:: RECORDS SUPPLIED ::
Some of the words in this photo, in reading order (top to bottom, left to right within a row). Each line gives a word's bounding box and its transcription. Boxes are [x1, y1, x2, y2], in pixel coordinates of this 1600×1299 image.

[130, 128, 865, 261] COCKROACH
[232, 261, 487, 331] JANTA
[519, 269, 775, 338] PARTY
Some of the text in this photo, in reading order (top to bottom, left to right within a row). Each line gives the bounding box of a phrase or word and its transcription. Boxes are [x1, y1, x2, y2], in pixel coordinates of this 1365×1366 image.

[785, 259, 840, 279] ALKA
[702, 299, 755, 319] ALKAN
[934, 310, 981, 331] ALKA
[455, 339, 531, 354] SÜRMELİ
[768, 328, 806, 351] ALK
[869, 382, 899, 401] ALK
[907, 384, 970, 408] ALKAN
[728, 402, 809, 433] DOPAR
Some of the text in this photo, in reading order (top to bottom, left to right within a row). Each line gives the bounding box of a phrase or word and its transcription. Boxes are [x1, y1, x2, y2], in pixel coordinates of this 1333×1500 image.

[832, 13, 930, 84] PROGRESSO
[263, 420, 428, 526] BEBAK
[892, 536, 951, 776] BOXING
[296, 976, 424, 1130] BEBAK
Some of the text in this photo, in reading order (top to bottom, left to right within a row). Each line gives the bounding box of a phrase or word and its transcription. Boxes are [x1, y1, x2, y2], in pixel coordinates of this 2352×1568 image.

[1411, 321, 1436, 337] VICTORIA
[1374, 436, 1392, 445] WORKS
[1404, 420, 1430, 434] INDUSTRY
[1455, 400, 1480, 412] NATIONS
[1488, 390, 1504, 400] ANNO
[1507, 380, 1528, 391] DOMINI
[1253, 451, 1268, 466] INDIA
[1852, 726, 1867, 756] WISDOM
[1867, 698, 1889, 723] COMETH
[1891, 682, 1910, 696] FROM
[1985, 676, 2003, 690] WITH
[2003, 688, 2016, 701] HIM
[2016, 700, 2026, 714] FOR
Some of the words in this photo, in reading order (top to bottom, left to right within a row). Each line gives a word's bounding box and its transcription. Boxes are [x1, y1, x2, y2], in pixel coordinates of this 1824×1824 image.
:::
EXERCISE DESCRIPTION: Reproduce every line above without error.

SOLVED EXERCISE:
Some of the words in this photo, in reading order (top to bottom, left to right within a row). Each line gives a word's bounding box and its transcription. Boxes are [x1, y1, x2, y2], in pixel coordinates of this 1600×1299 image.

[130, 128, 865, 261] COCKROACH
[232, 261, 487, 331] JANTA
[519, 269, 775, 338] PARTY
Some of the text in this photo, in reading order (top to bottom, left to right within a row). Each line gives the bounding box of a phrase or word and its transcription. Boxes are [x1, y1, x2, y2], in pixel coordinates of this 1365×1366 image.

[785, 259, 840, 279] ALKA
[702, 299, 755, 319] ALKAN
[934, 310, 981, 331] ALKA
[455, 339, 531, 354] SÜRMELİ
[768, 328, 806, 351] ALK
[869, 382, 899, 401] ALK
[907, 384, 970, 408] ALKAN
[728, 402, 809, 433] DOPAR
Some of the text in this photo, in reading order (top to bottom, left to right within a row). Each line gives the bounding box of a phrase or word and its transcription. Boxes are [x1, y1, x2, y2], in pixel coordinates of this 1333×1500 image.

[832, 13, 930, 84] PROGRESSO
[263, 420, 428, 526] BEBAK
[892, 536, 951, 776] BOXING
[296, 976, 424, 1130] BEBAK
Some of the text in this photo, in reading order (top to bottom, left to right within a row). Each line gives the bounding box of a phrase or word and its transcription. Boxes are [x1, y1, x2, y2], in pixel coordinates of this 2352×1568 image.

[1411, 321, 1436, 337] VICTORIA
[1374, 436, 1392, 445] WORKS
[1404, 420, 1430, 434] INDUSTRY
[1455, 400, 1480, 412] NATIONS
[1488, 390, 1504, 400] ANNO
[1507, 380, 1528, 391] DOMINI
[1253, 451, 1268, 466] INDIA
[1852, 726, 1867, 756] WISDOM
[1867, 698, 1889, 723] COMETH
[1891, 682, 1910, 696] FROM
[1985, 676, 2003, 690] WITH
[2003, 688, 2016, 701] HIM
[2016, 700, 2026, 714] FOR
Some of the words in this photo, in reading order (top to bottom, left to right within a row). Each line gives a word's bounding box and its transcription. Boxes are [x1, y1, x2, y2], in pixel coordinates of this 1824×1824 image.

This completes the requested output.